Une commune ayant conclu un marché public peut voir sa situation politique évoluer à la suite d’élections municipales conduisant à l’arrivée d’un nouveau maire et, parfois, d’une nouvelle majorité.
Une question se pose alors : dans quelles conditions le nouvel exécutif peut-il résilier de manière anticipée un marché public, qu’il s’agisse d’un contrat dont l’exécution n’a pas encore débuté ou d’un chantier déjà engagé ?
Le maître d’ouvrage public peut résilier le marché dans l’intérêt général, sous réserve d’indemniser l’entreprise : c’est ce que prévoit l’article 49.1 du CCAG-Travaux 2021.
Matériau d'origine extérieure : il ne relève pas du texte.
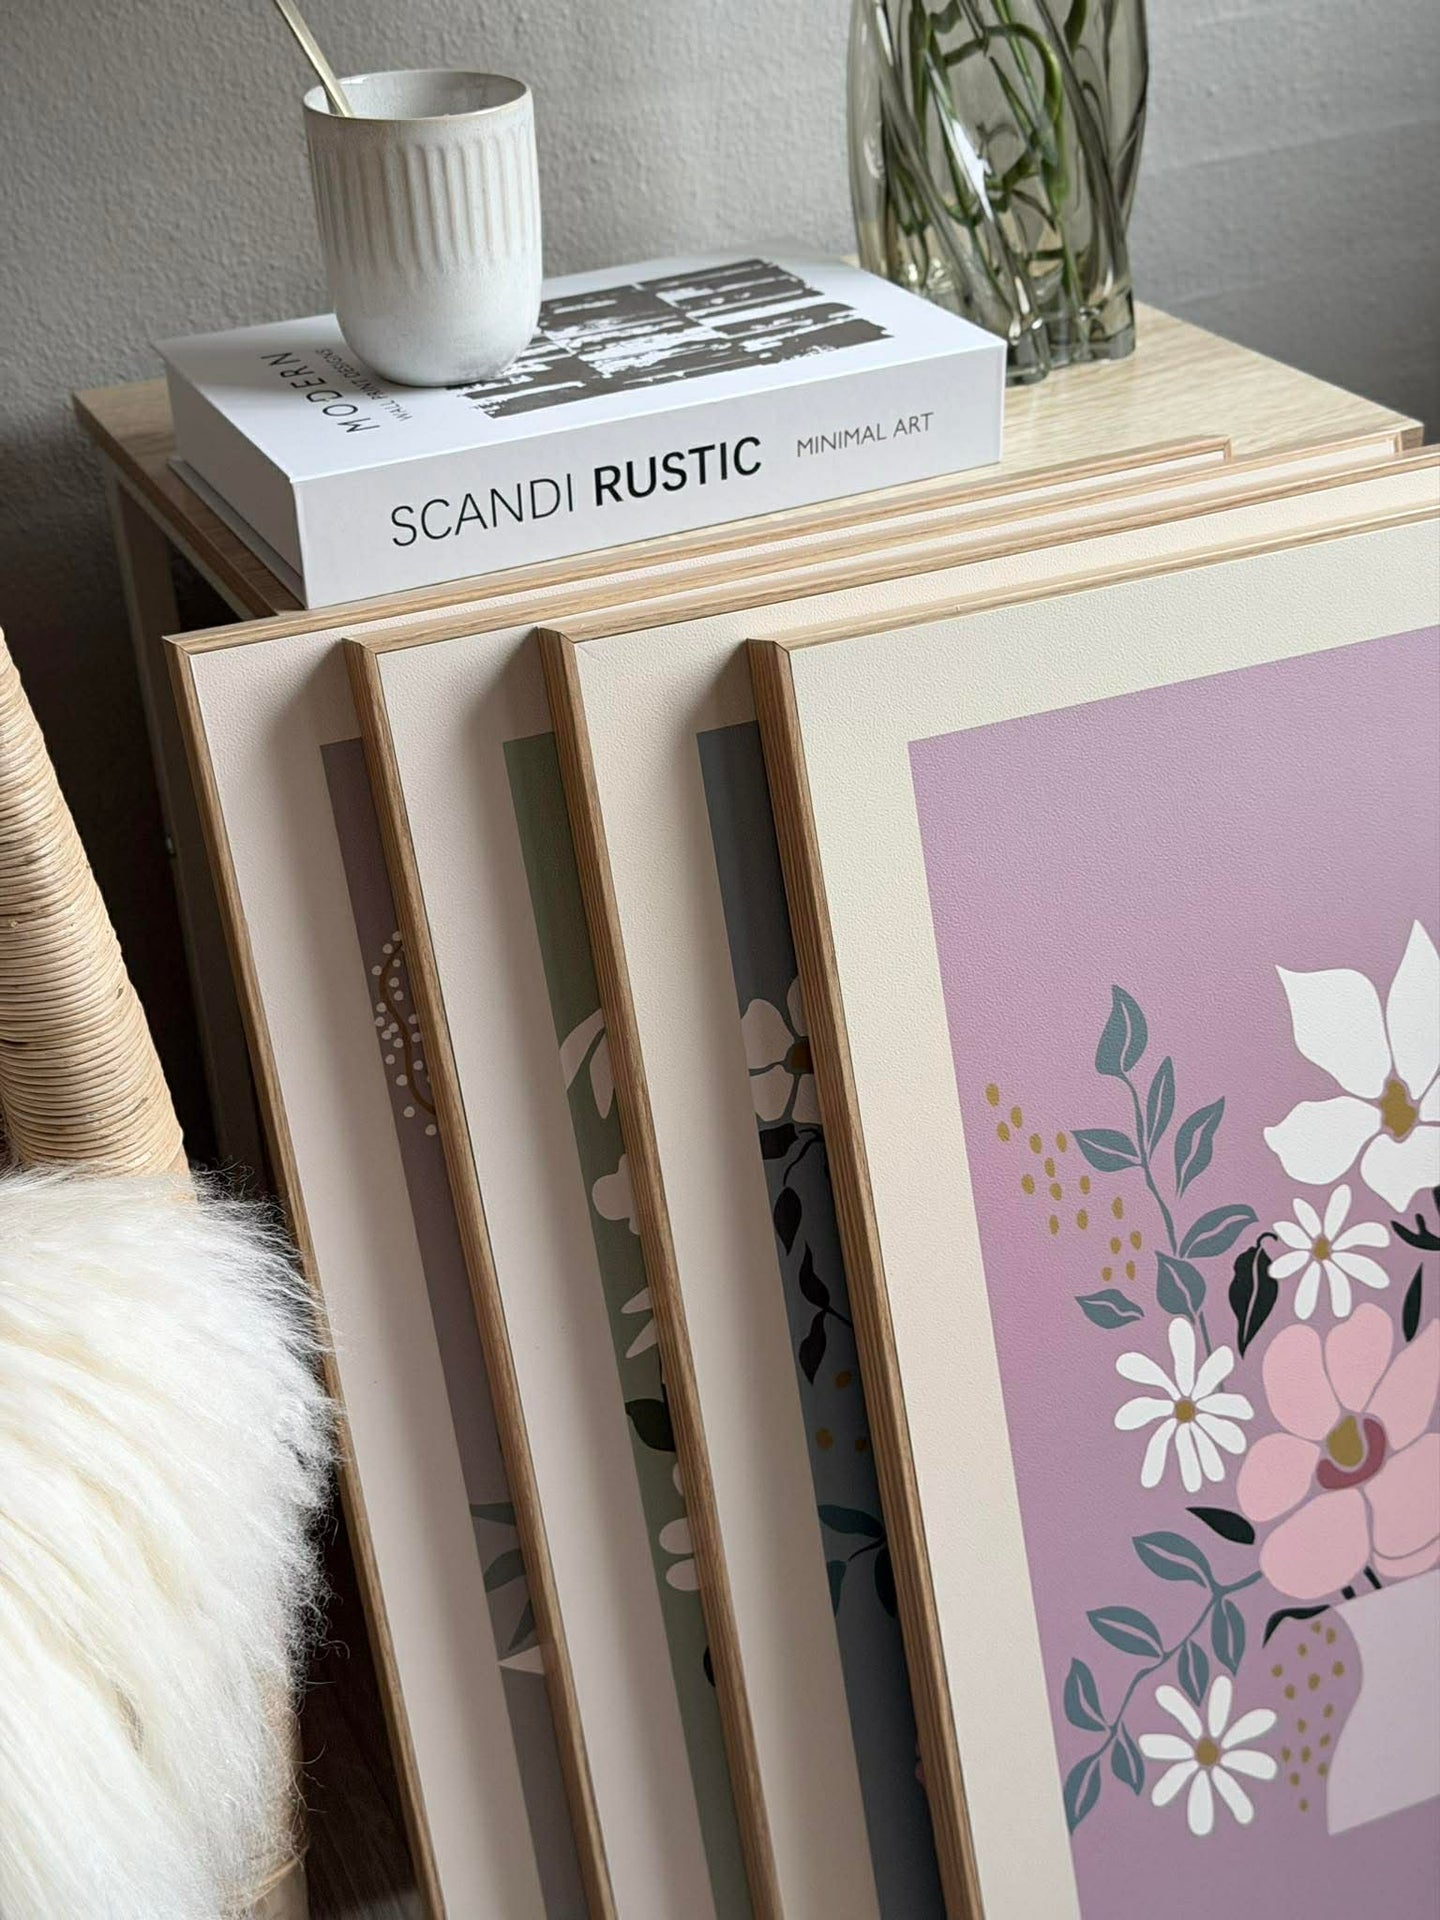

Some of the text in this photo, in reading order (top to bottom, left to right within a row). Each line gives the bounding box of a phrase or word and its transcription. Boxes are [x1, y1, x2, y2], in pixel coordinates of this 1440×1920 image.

[260, 352, 380, 433] MODERN
[352, 379, 389, 400] PRINT
[380, 400, 414, 422] WALL
[391, 412, 934, 547] SCANDI RUSTIC MINIMAL ART
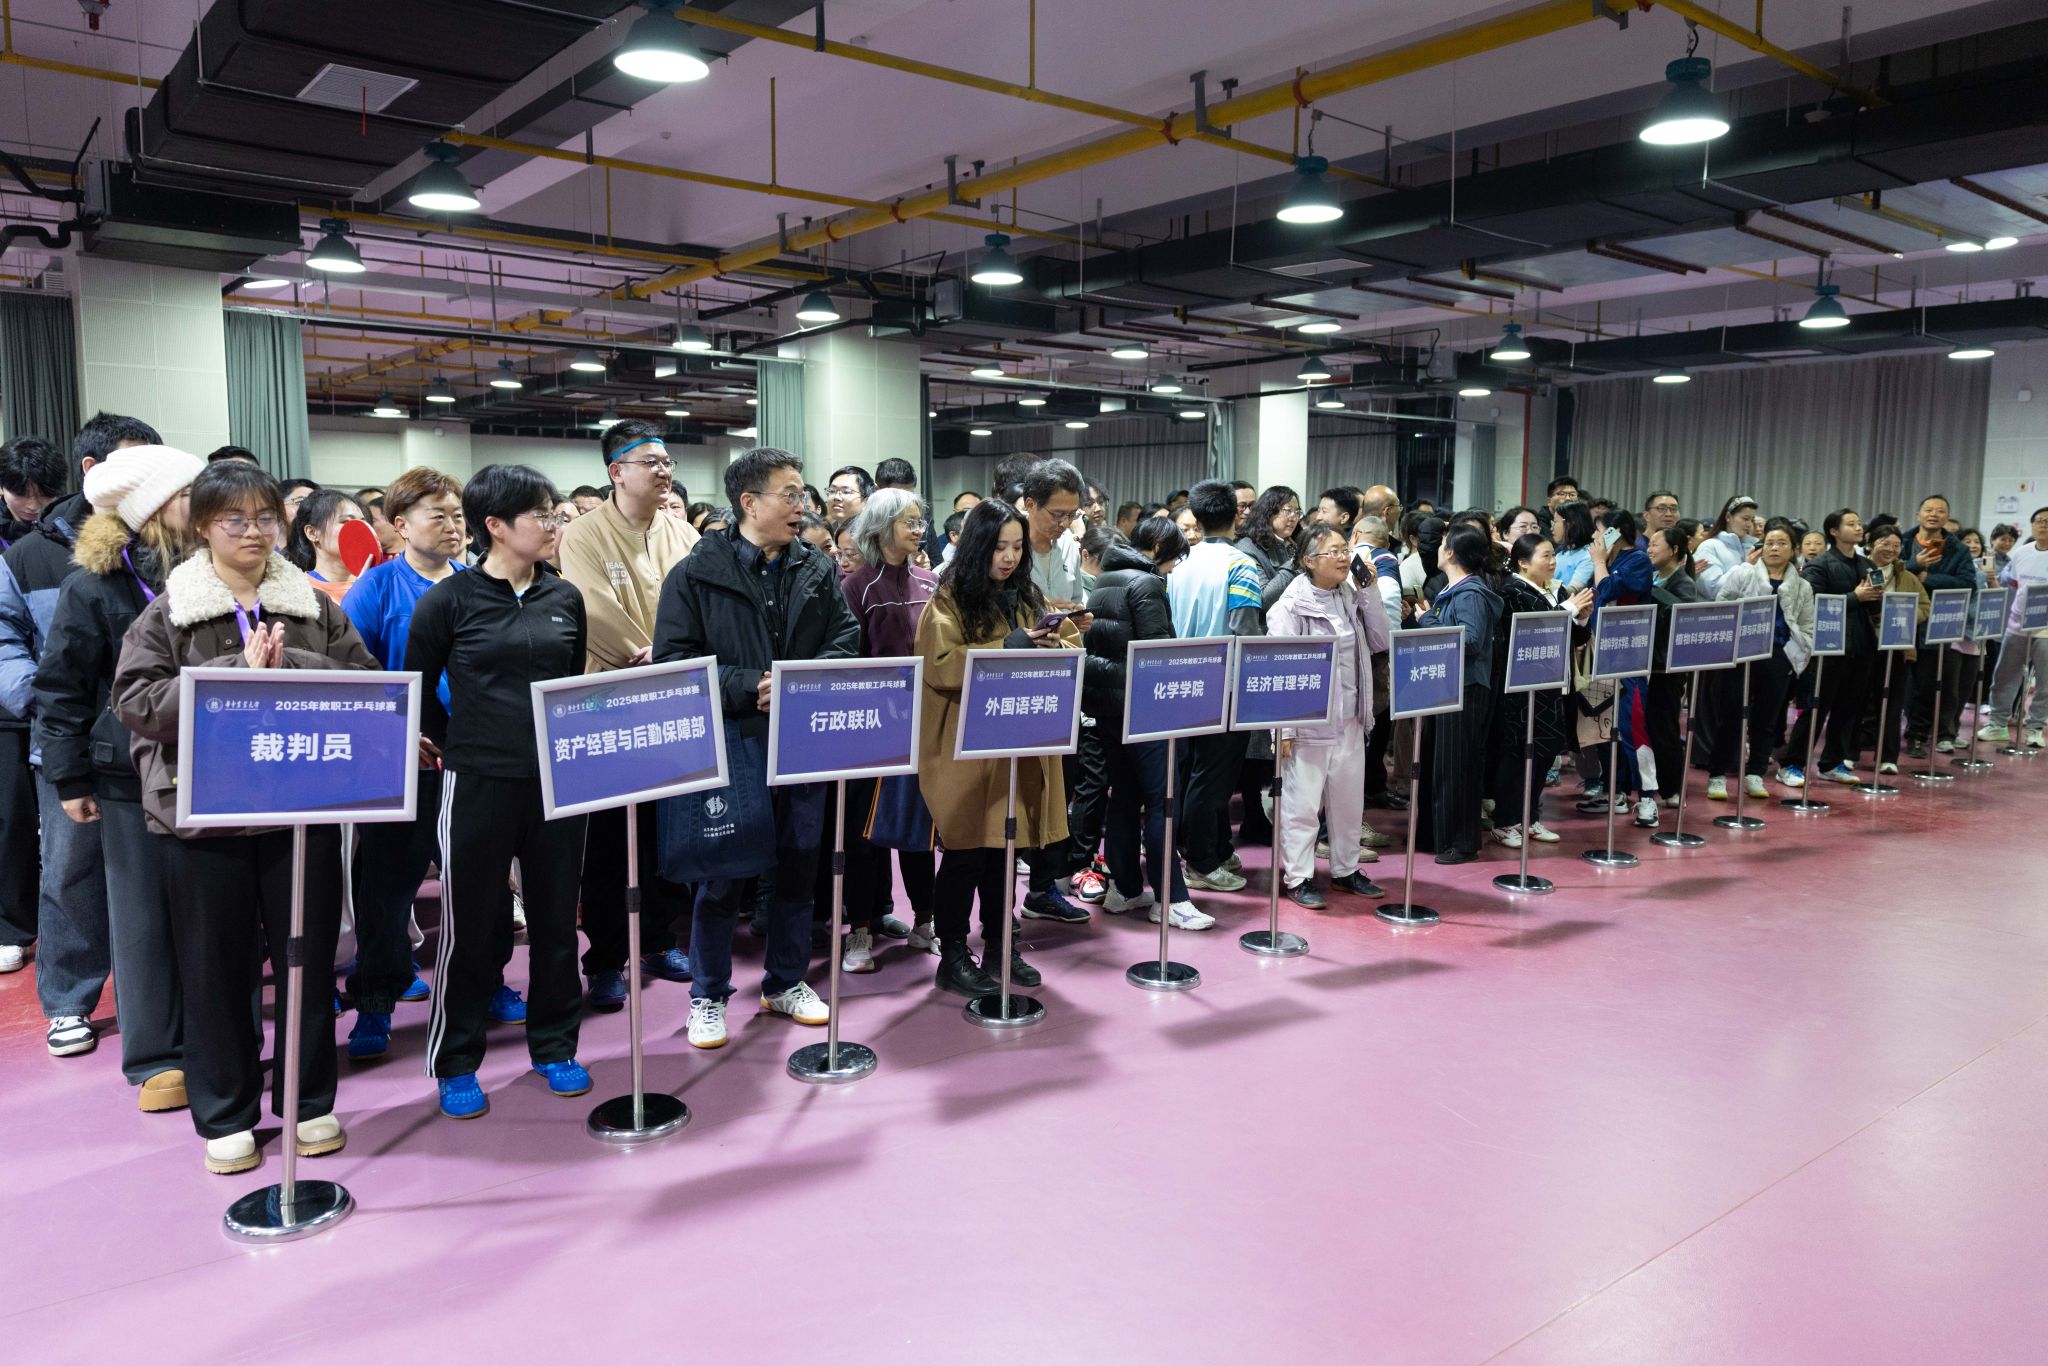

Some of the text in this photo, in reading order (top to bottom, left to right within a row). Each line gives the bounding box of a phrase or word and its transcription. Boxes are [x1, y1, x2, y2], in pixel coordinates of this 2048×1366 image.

[1516, 645, 1561, 661] 生科信息联队
[1010, 669, 1072, 679] 2025年教职工乒乓球赛
[1245, 673, 1322, 692] 经济管理学院
[1410, 663, 1447, 682] 水产学院
[830, 679, 907, 691] 2025年教职工乒乓球赛
[1153, 679, 1205, 700] 化学学院
[275, 700, 397, 712] 2025年教职工乒乓球赛
[606, 684, 700, 708] 2025年教职工乒乓球赛
[984, 694, 1059, 717] 外国语学院
[810, 708, 882, 733] 行政联队
[250, 732, 353, 763] 裁判员
[554, 715, 706, 763] 资产经营与后勤保障部
Les motifs de résiliation pour intérêt général peuvent être, par exemple :
- l’abandon d’un projet, notamment en raison des difficultés techniques rencontrées en cours d’exécution ;
- le fait, non fautif, que le cocontractant ne dispose plus de garanties suffisantes pour remplir ses obligations ;
- la réorganisation d’un service ;
- la résiliation à la suite d’un déféré préfectoral mettant en lumière des irrégularités substantielles ayant affecté la procédure de passation du marché public ;
- la mésentente opposant le concessionnaire aux usagers du service concédé ;
- la détérioration des relations contractuelles, née d’une perte de confiance entre les parties.
Lorsque le maître d’ouvrage résilie le marché pour motif d’intérêt général, l’entrepreneur a droit à une indemnité de résiliation. Elle correspond à un pourcentage fixé dans les documents particuliers du marché. À défaut, si rien n’est prévu, elle est fixée à 5 % du montant initial hors taxes du marché 2.